Senate Votes 27-15 To Limit Governor’s Emergency Powers

By Mitch Kokai
Carolina Journal

The state Senate has voted again, 27-15, to place new limits on the governor’s emergency powers. The Senate’s endorsement of the measure returns the issue to the state House.

The political parties split on House Bill 264, with Republicans voting yes and Democrats voting no.

Under the latest version of the bill, the governor would need to consult other elected officials to enact emergency measures that last longer than a week.

“An executive order that is entered at the time of an emergency would not be beyond seven days — unless a majority of the Council of State … vote in concurrence to have that executive order extend for up to 45 days,” said Sen. Danny Britt, R-Robeson, on the Senate floor. The Council of State is a 10-member body featuring every statewide elected executive branch official, including the lieutenant governor, attorney general, and secretary of state.

Even the Council of State’s concurrence would have limits. “In those instances, those executive orders would extend for only 45 days unless the General Assembly extended that further,” Britt added.

Britt explained the need to place a time limit on the governor’s executive orders. “We’ve been in this pandemic for a long time,” he said. “We want our leader in this state to be empowered by the Emergency Management Act, as he has been … to be able to act in instances of an emergency, especially when we’re talking about natural disasters.”

The Emergency Management Act was not designed for a situation like the COVID-19 pandemic “that has extended for almost 18 months,” Britt said.

“Our country is founded — and our state is founded — on the belief that we don’t need to have just one individual making all the decisions without the collaboration of others,” he said.

Emergencies lasting longer than a month and a half will require input from “General Assembly members, who represent folks from all over, all regions, all sectors in this state so we can have more input from more people than just one individual.”

Britt reminded colleagues that a pending lawsuit addresses the issue of whether the current Emergency Management Act violates the state constitution. Critics contend the EMA delegates too much legislative authority to the governor.
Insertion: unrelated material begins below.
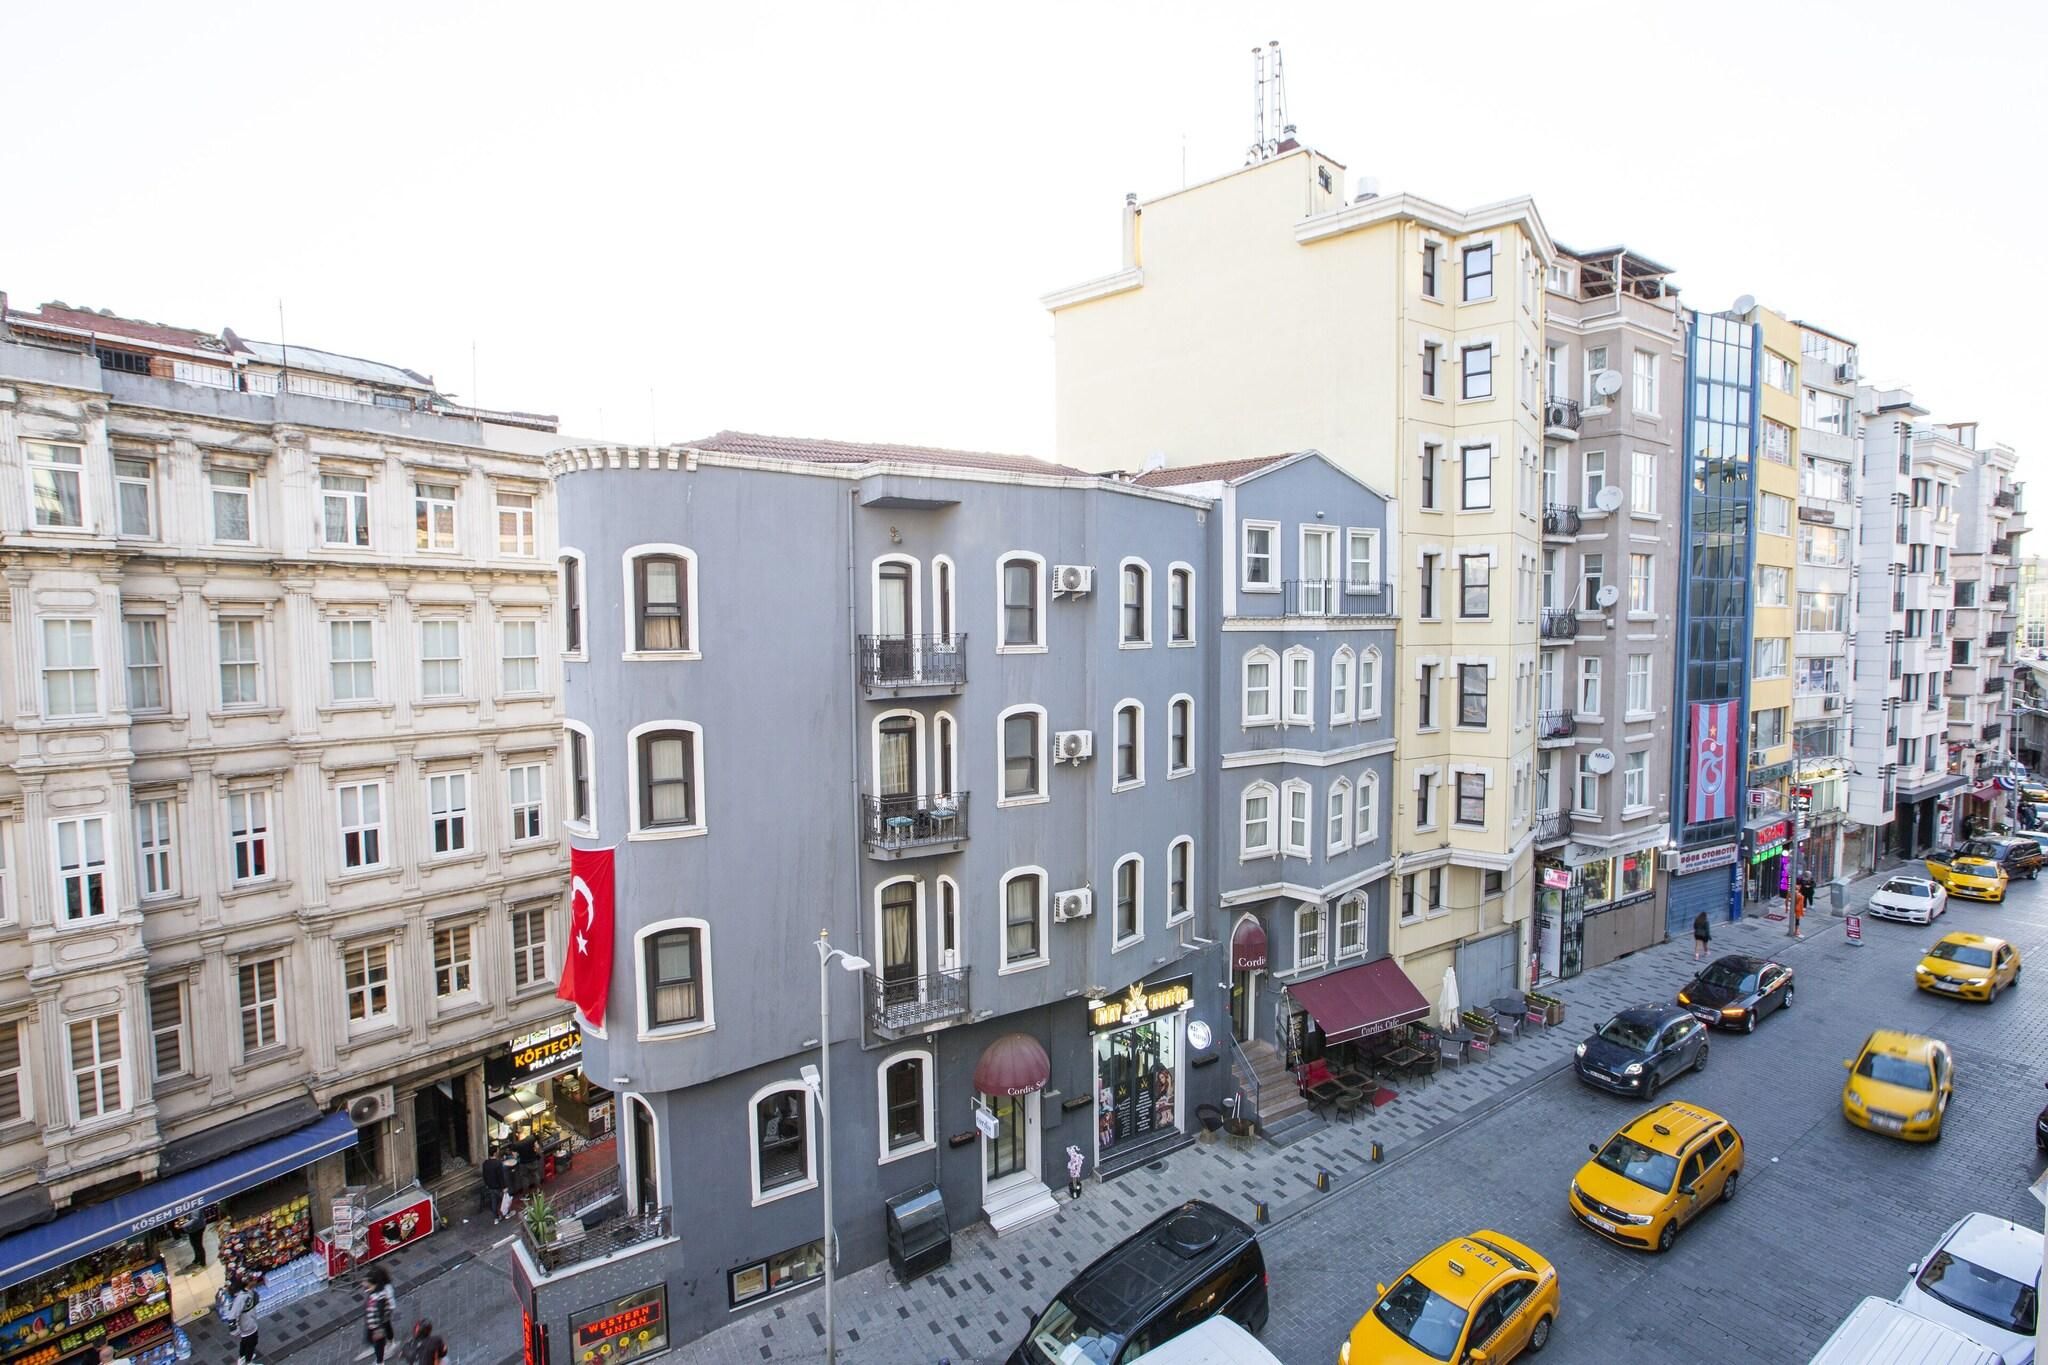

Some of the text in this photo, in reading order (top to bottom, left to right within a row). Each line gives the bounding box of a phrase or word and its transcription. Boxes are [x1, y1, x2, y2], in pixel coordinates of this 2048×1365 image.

“This seeks to fix that issue, while still allowing our executive to have the power he needs to make the decision he needs to make during an emergency, but also ensures that everyone’s voice is heard in collaboration going forward.”

H.B. 264 resembled Senate Bill 346, which cleared the Senate in April. “In times of emergencies, there needs to be quick action, and the General Assembly doesn’t have time to meet and change policy. That’s why decades ago the legislature delegated some power to the governor,” said Sen. Bill Rabon, R-Brunswick, in a news release. “However, it’s clear that after 18 months of unilateral decision-making, that authority needs additional checks and balances.”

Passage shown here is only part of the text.